講演内容の概要を、以下に示します。
- 「ヒマラヤの自然の聖地, その1」-ブータン東部の女神伝説-
写真家、AACK 小林 尚礼
ブータン東部のタシガン県に伝わる女神伝説、アマ・ジョモについて紹介し、年一回7月に行われる女神に関連する聖地での特別の祭りについて写真を中心に紹介した。また、普通入ることの出来ない寺院に、観光プロモーション用の壁画・像の写真を撮る為、特別入ることを許可された。これらの珍しい、貴重な写真を一部、紹介した。 - 「高校生に夢を!夢舞台/崑崙の未踏峰へ」 -ヤズィックアグル峰(6770m)初登頂の記録、2011年-
信濃高等学校教職員山岳会(信高山岳会) 大西 浩
信高山岳会創立30周年及び長野県山岳協会50周年にあたる2011年、会の原点に立って、教師自身が夢を育み、夢に挑み、得たものを、今後の高校登山の活動に反映させ、更に多くの子どもたちに夢を伝えたいという思いから、西部崑崙山脈の未踏峰(6770m)に挑戦し、登頂に成功した記録である。
この山は、懇話会の代表を務める安仁屋にとって、少なからぬ因縁がある。
安仁屋らは2009年7月にAACK会員5人でこの山を目指したが、出発直前に発生したウルムチ騒動により、渡航を断念せざるを得なかったからである。しかし、演者等は偵察行とはいえ09年に同じ経験をしながらも、翌10年の偵察行(大雨による道路事情の悪化により、失敗)など継続して登頂を目指し、2011年に成功した。長野県の登山関係者と新疆地域のエージェントとの長年にわたる交流・信頼に根付く執念の違いであろうか。準備期間その他の関係で、 高校生を連れて行くことは出来なかったが、長野県出身の若手OBの参加を得て成功した話は、次のステップに繋がるであろう。 - 「ベトナム北部の茶と米食文化」-首都ハノイを中心として-
京都大学Global COE 研究員 長坂 康代
雲南懇話会で最近力を 入れている「お茶」に関する話題である。ベトナムでは、世界を席巻しているコーラが普及していない。その理由はお茶である。タイグエン茶(緑茶)が一般的 で、飲む場所として「内」の茶屋と「外」の茶屋がある。外の茶屋にはさらに固定茶屋と移動茶屋がある。演者は固定茶屋に焦点を当てて機能や客層など詳しく 説明した。単なるお茶の提供に止まらず、コミュニティの形成にとって重要な役割を果たしていることを、客の細かい観察・分析から明らかにしている。近年ハ ノイでもコーヒーが浸透し始めているが、お茶の8〜10倍するので一種のステータスシンボルとなっている。コーヒーを飲む場所、値段で客層を4つのグルー プに分け、コーヒーと同時に食する米食を分析した。茶文化の懐の広さ・深さを改めて認識した。 - 「北の紙の道、南の紙の道」-樹皮紙、ダード・ハンターの残した空白-
文書修復家、(元)吉備国際大学教授 坂本 勇
北のシルクロード沿いに、ヘディンらにより発見された古文書や残紙を用いた調査研究は、素材が多く広く知られてきた。近年、東南アジア・太平洋地域においてオーストロネシア語族の調査研究が、考古学・人類学・民族学・言語学等の諸分野で発展し、樹皮紙/樹皮布についての情報が増えている。
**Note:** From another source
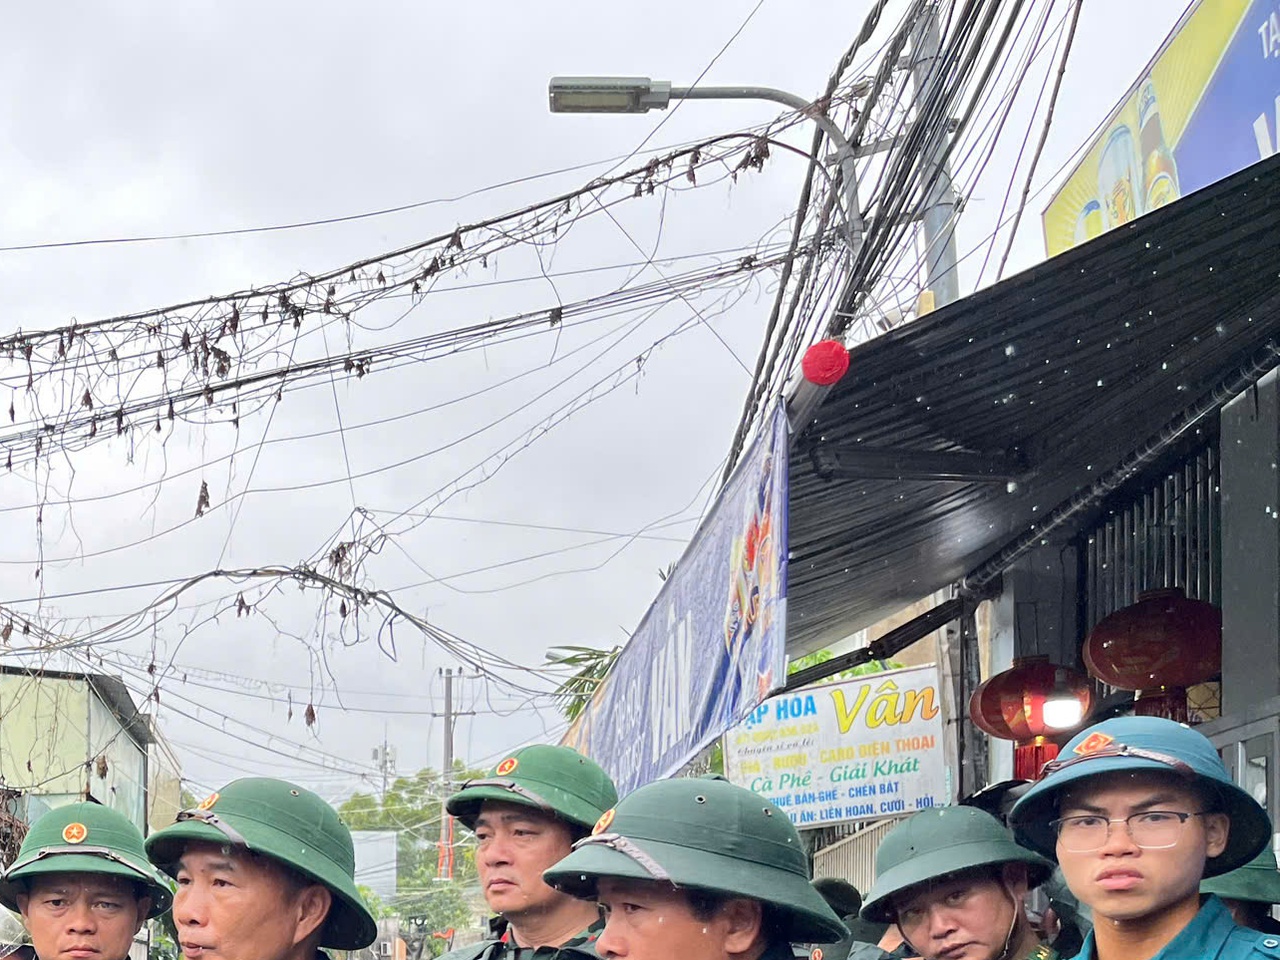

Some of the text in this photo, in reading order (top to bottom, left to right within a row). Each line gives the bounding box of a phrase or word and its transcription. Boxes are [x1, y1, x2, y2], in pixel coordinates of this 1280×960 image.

演者は紙の専門家として、中国、インドネシア、メキシコ等で発見されている神秘的な「透かし模様」の石器ビータに注目している…という。
JICA エキスパートとしてインドネシア・バンダアチェで津波の被害を受けた文書の修復事業に3年間携わった時に行なった調査で、ダード・ハンターの「世界の紙の伝播マップ」で東南アジア地域が空白になっていることが、調査・研究をスタートした切欠である。紙の製法として古くは樹皮をたたく方法があり、樹皮紙は世界に広く分布していた。インドネシアでは樹皮紙の技術が高度に発達していて、その歴史は布と紙の混在時期を含める3,600年前ぐらいまで遡る。 会場では樹皮紙で作った400年ぐらい前の本を見せてもらい、触らせてもらったが、実に素晴らしい物であった。 - 「中国少数民族の自治と慣習法」 −悠久、雄大、多様の大地へ−
山梨学院大学教授、一橋大学名誉教授 西村幸次郎
悠久、雄大の大地は、人口、人権・自由、環境、民族など多様の問題を抱え、日中関係も厳しい状況が続いている。演者は、これまでの少数民族地域における視察・交流 を踏まえ、民族法研究の意義を確認し、民族区域自治制度、中華民族の多元一体論、西部大開発との関係、民族の風俗習慣、民族慣習法と国家法、婚姻法の「弾力的補足的」規定の順に検討し、中国社会における民族問題の重要性、問題性を考える…として講演された。
演者が中国の民族法に興味を持ったのは1988年の海南島旅行からで、その後、何遍も現地を訪れて20余の少数民族と交流し調査を行ってきた。従って、内容は盛りだくさんで多岐にわたった。参加者のある人曰く、「1年間の講義を1時間でやったようなものですね」。同感。特に興味を持ったのは、共産党になって以降の少数民族の風俗習慣の扱い方の変化である。尊重(1949〜1956)、軽視(1957〜 1965)、排斥(1966〜1976)、改革期(1977年以降)とあった。最後にNHKの名曲アルバムから「草原情歌」を青海省の映像と共に流したが、氏の少数民族に対する思いが伝わった。